N°26 bis
Novembre 2001


Homélie du 11 novembre 2001

Le 11 novembre 1918, à 11 heures du matin, était signé, à RETHONDES, l'armistice mettant un terme à la "Grande Guerre" à laquelle avaient pris part les peuples des cinq continents.

Le désastre avait, pour la première fois, gagné la terre entière. La guerre "mondiale" apparut aux hommes comme la plus terrible crise que le monde eut traversée depuis le commencement de l'Histoire. Les ruines et les pertes furent colossales, le désir de paix était unanime. Pour la première fois apparut la nécessité absolue de transposer les projets théoriques de "paix perpétuelle" dans la réalité politique internationale. La volonté concrète d'une organisation juridique de la communauté humaine s'imposa alors comme une des aspirations essentielles des peuples appelant de leurs voeux, du fond de leur détresse, l'entente et la coopération comme les conditions sine qua non de la sauvegarde de la civilisation et contre le retour de (et le recours à) la barbarie.

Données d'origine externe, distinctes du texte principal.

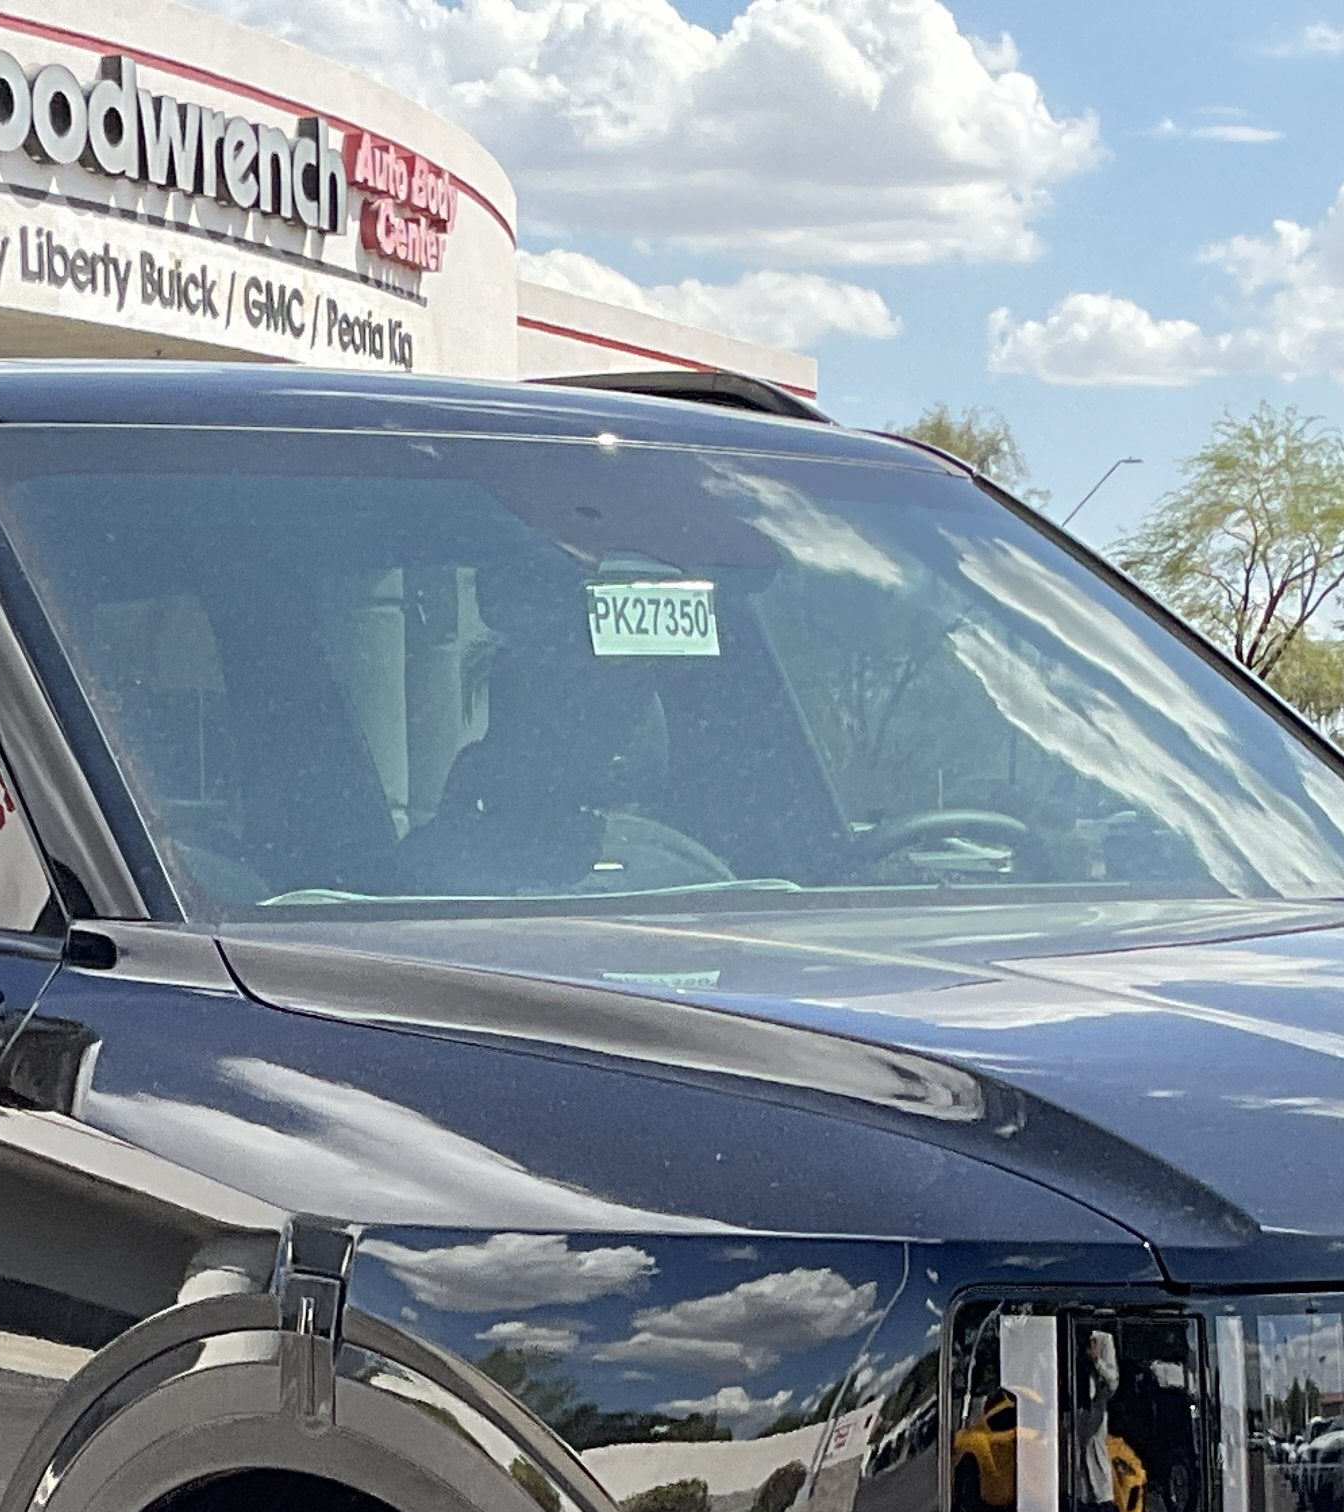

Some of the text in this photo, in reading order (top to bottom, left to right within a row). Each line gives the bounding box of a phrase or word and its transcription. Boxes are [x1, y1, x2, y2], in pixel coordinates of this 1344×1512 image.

[350, 132, 457, 235] Auto Body
[372, 198, 444, 273] Center
[20, 226, 132, 312] Liberty
[140, 250, 219, 319] Buick
[225, 270, 237, 330] /
[244, 276, 305, 339] GMC
[310, 294, 321, 350] /
[327, 297, 384, 360] Peoria
[593, 596, 709, 638] PK27350
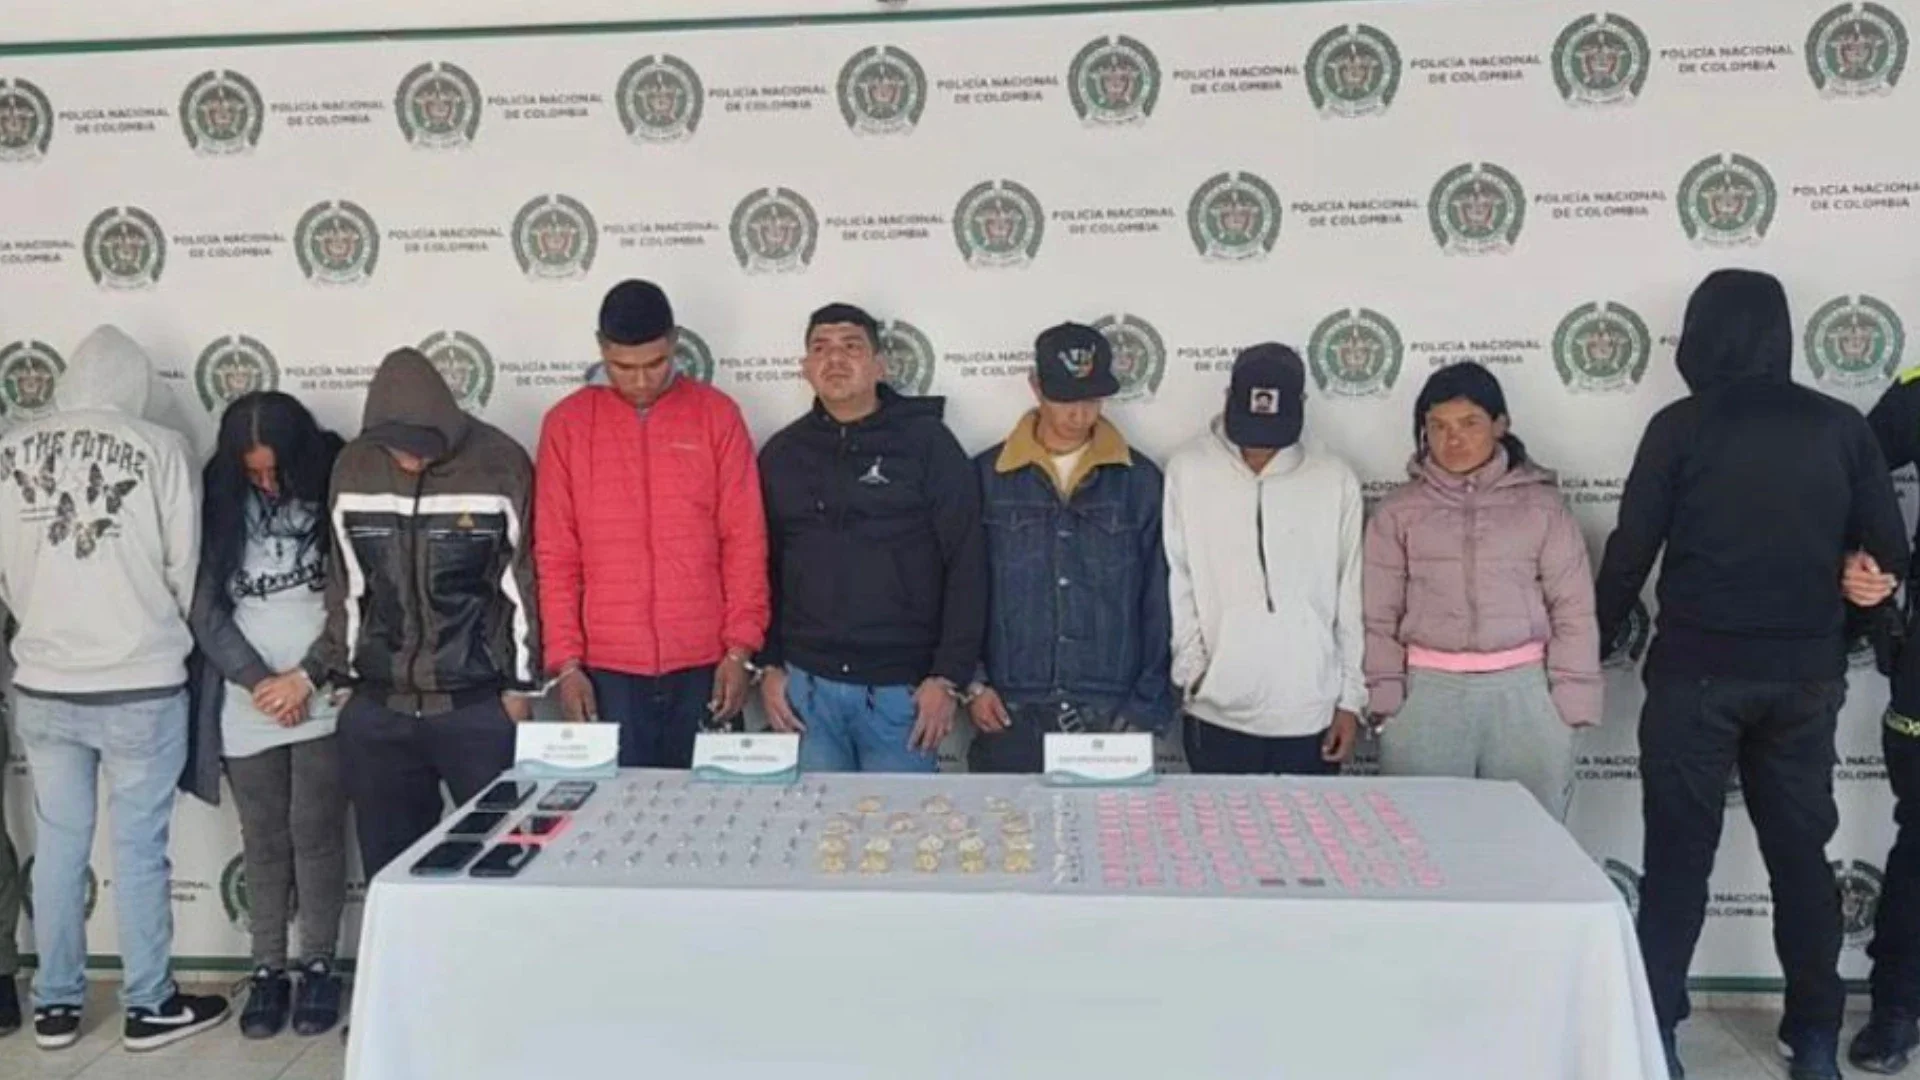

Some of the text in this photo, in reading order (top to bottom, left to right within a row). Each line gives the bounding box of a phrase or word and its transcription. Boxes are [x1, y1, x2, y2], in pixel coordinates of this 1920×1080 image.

[1719, 45, 1795, 58] NACIONAL
[1468, 54, 1543, 67] NACIONAL
[1678, 59, 1778, 74] DE COLOMBIA
[1229, 64, 1301, 78] NACIONAL
[1427, 69, 1525, 84] DE COLOMBIA
[991, 75, 1061, 88] NACIONAL
[1189, 80, 1284, 94] DE COLOMBIA
[761, 84, 831, 97] NACIONAL
[539, 93, 604, 105] NACIONAL
[954, 90, 1044, 104] DE COLOMBIA
[321, 100, 387, 112] NACIONAL
[724, 100, 813, 112] DE COLOMBIA
[108, 107, 171, 119] NACIONAL
[502, 107, 590, 119] DE COLOMBIA
[286, 114, 373, 126] DE COLOMBIA
[74, 122, 157, 133] DE COLOMBIA
[1852, 182, 1920, 195] NACIONA
[1593, 190, 1668, 203] NACIONAL
[1348, 198, 1421, 211] NACIONAL
[1811, 197, 1912, 211] DE COLOMBIA
[1106, 206, 1177, 219] NACIONAL
[1551, 205, 1650, 218] DE COLOMBIA
[878, 213, 947, 226] NACIONAL
[1308, 214, 1404, 226] DE COLOMBIA
[439, 227, 505, 239] NACIONAL
[654, 222, 721, 233] NACIONAL
[1069, 222, 1161, 234] DE COLOMBIA
[223, 233, 288, 244] NACIONAL
[842, 228, 931, 240] DE COLOMBIA
[14, 239, 77, 251] NACIONAL
[404, 241, 490, 253] DE COLOMBIA
[619, 236, 706, 247] DE COLOMBIA
[188, 247, 274, 258] DE COLOMBIA
[1469, 338, 1541, 350] NACIONAL
[1195, 361, 1212, 371] DE
[1429, 355, 1447, 367] DE
[736, 371, 751, 382] DE
[960, 366, 978, 377] DE
[301, 380, 317, 390] DE
[516, 376, 531, 387] DE
[23, 430, 66, 464] THE
[71, 429, 148, 481] FUTURE
[1593, 755, 1637, 766] NACIO
[1714, 893, 1769, 902] NACION
[1706, 906, 1769, 917] OLOMBIA
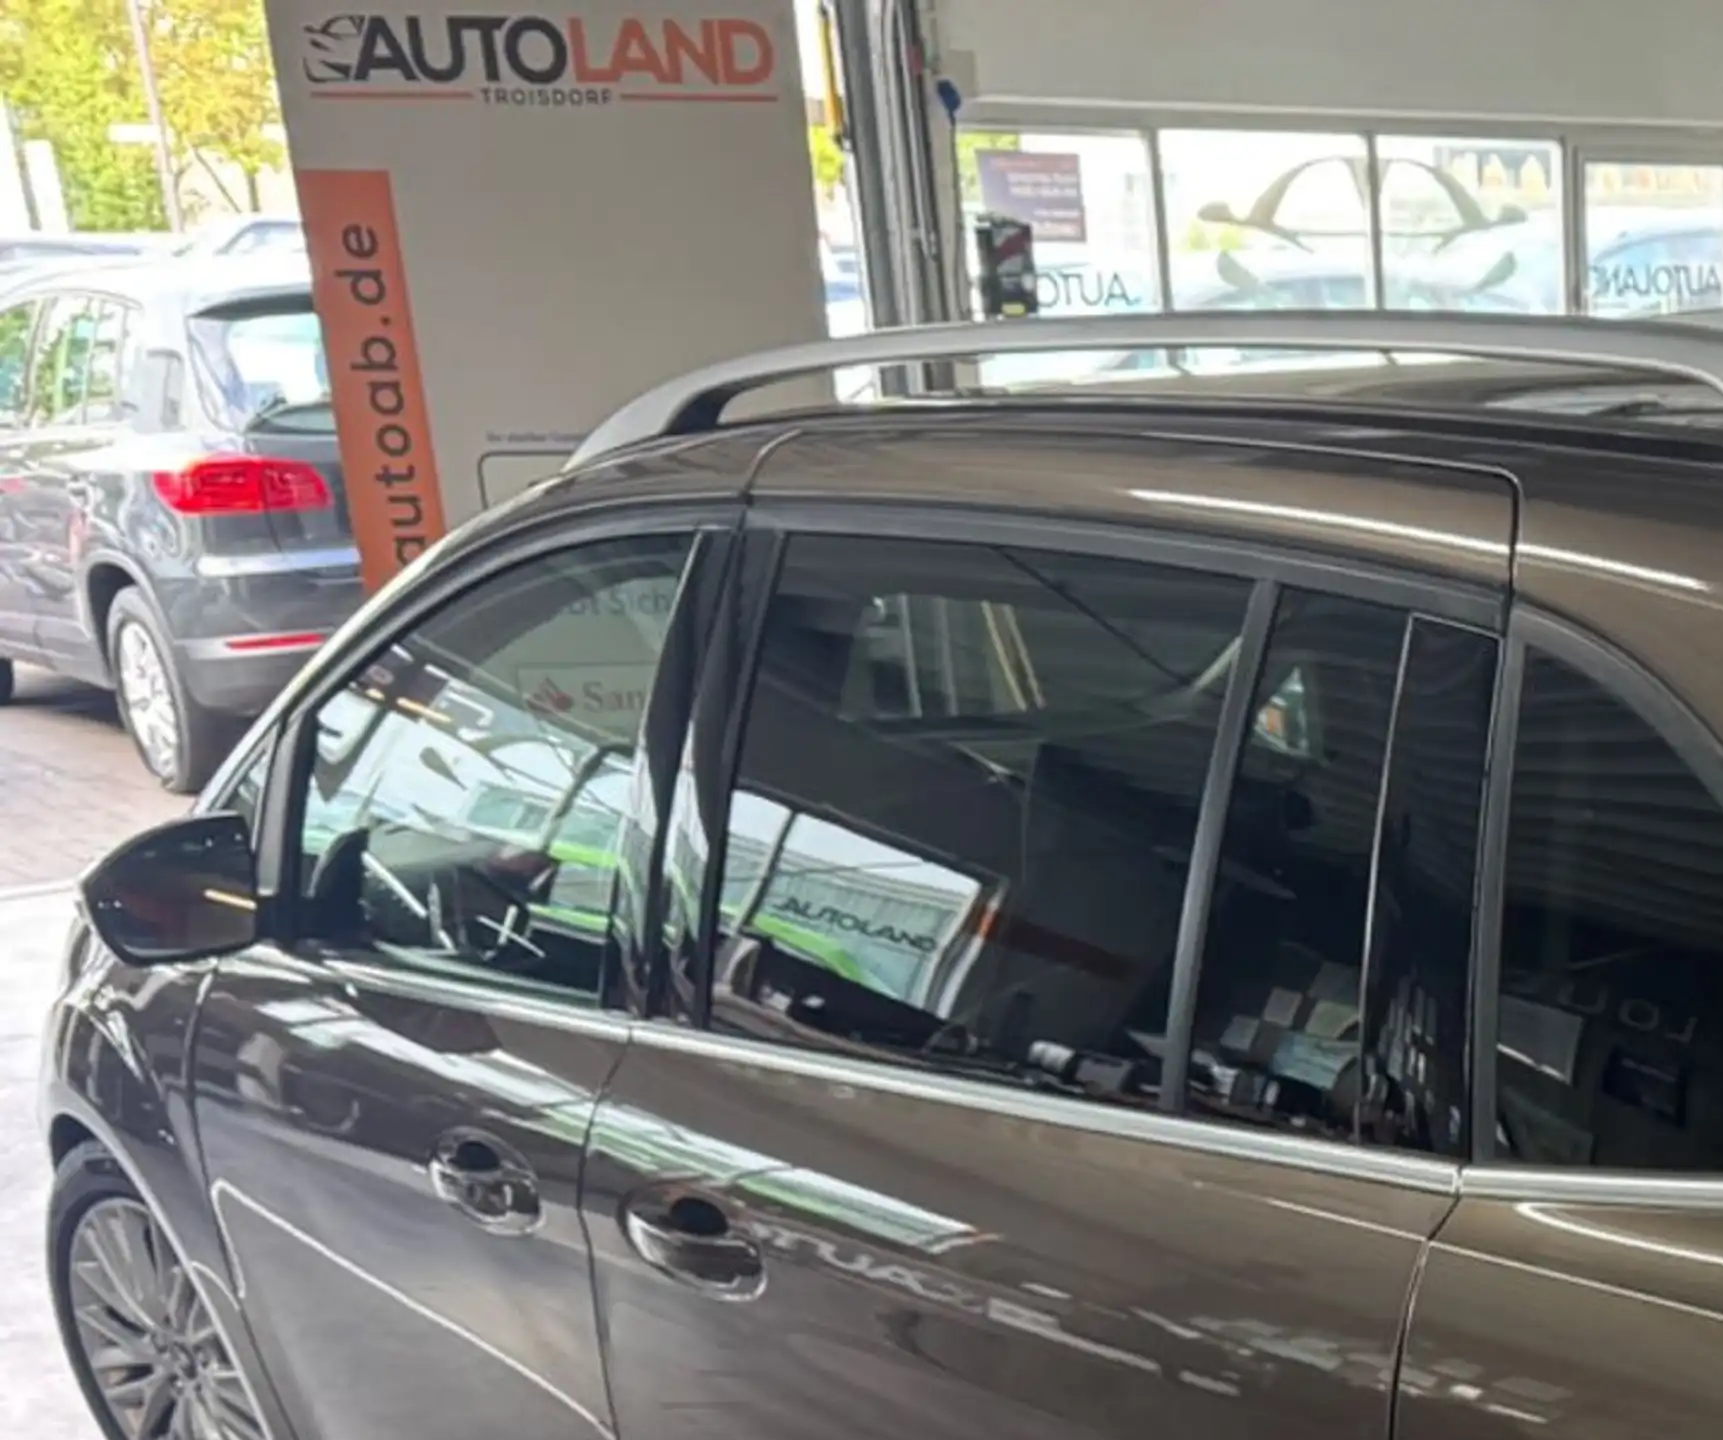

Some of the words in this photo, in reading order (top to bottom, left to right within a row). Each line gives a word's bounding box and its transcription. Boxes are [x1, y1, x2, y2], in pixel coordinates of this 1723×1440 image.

Le président WILSON avait précisé, dès le 8 janvier 1918, dans un message aux belligérants, les 14 points qui devaient servir de base, à son point de vue, aux futurs traités de paix: les deux principaux étaient l'organisation d'une "Société des Nations" et l'acceptation du principe des Nationalités pour le règlement de toutes les questions territoriales. Selon lui, la paix ne devait plus être, comme par le passé, la signature entre Chefs d'Etat d'un arrangement diplomatique, mais les hommes devaient, au contraire, se placer sur un plan idéal pour concevoir une organisation juridique de la communauté internationale et le premier essai de pacification durable et perfectible entre les pays. Le cataclysme "total" de la guerre de 1914-18 devait être la condamnation d'une époque et constituer le prélude d'une rénovation politique de l'univers.

L'idéologie wilsonnienne et l'idée d'une "Société des Nations" cheminèrent très vite dans les courants de toute opinion, dans les tranchées, les usines, les ambassades. Elles contribuèrent, quoiqu'on en ait dit, à hâter la fin des hostilités et l'avènement de la "paix universelle" longtemps rêvée et maintenant ardemment désirée. La S.D.N. est loin d'avoir déçu les espérances grandioses que l'opinion avait fondées sur elle. Elle apparaissait, généreuse, comme la tentative la plus vaste d'une organisation générale des intérêts communs de l'humanité. L'application de ses principes devait dépendre, non de la force, mais de "l'état moral" du monde des nations. C'était faire preuve d'une noblesse de vue insigne. C'était aussi, et déjà, porter les germes de l'effondrement. Mais c'était poser, en termes politiques, les jalons éthiques et universels d'une authentique communauté humaine.

La moralité de l'histoire, en tout cas, tout le monde la connaît: ce fut, 25 après, pour qui l'aurait oublié, l'éblouissant et atroce feu d'artifices d'Hiroshima couronnant cinq années d'une seconde guerre planétaire. Une nouvelle fois, les leaders des Nations victorieuses se retrouvèrent, en 1945, à la Conférence de San Francisco, pour "défendre la paix" et remporter, cette fois, par l'Organisation des Nations Unies, la victoire sur la guerre elle-même, au nom des droits de l'Homme et de la Liberté des peuples.

Mais nous avons appris, à nos dépens et après bien des illusions perdues, que "l'abîme de l'Histoire est assez grand pour tout le monde" (Valéry) et qu'il n'est pire chimère que de s'en remettre, par grandeur d'âme ou par idéal, à la fascination tragique des utopies.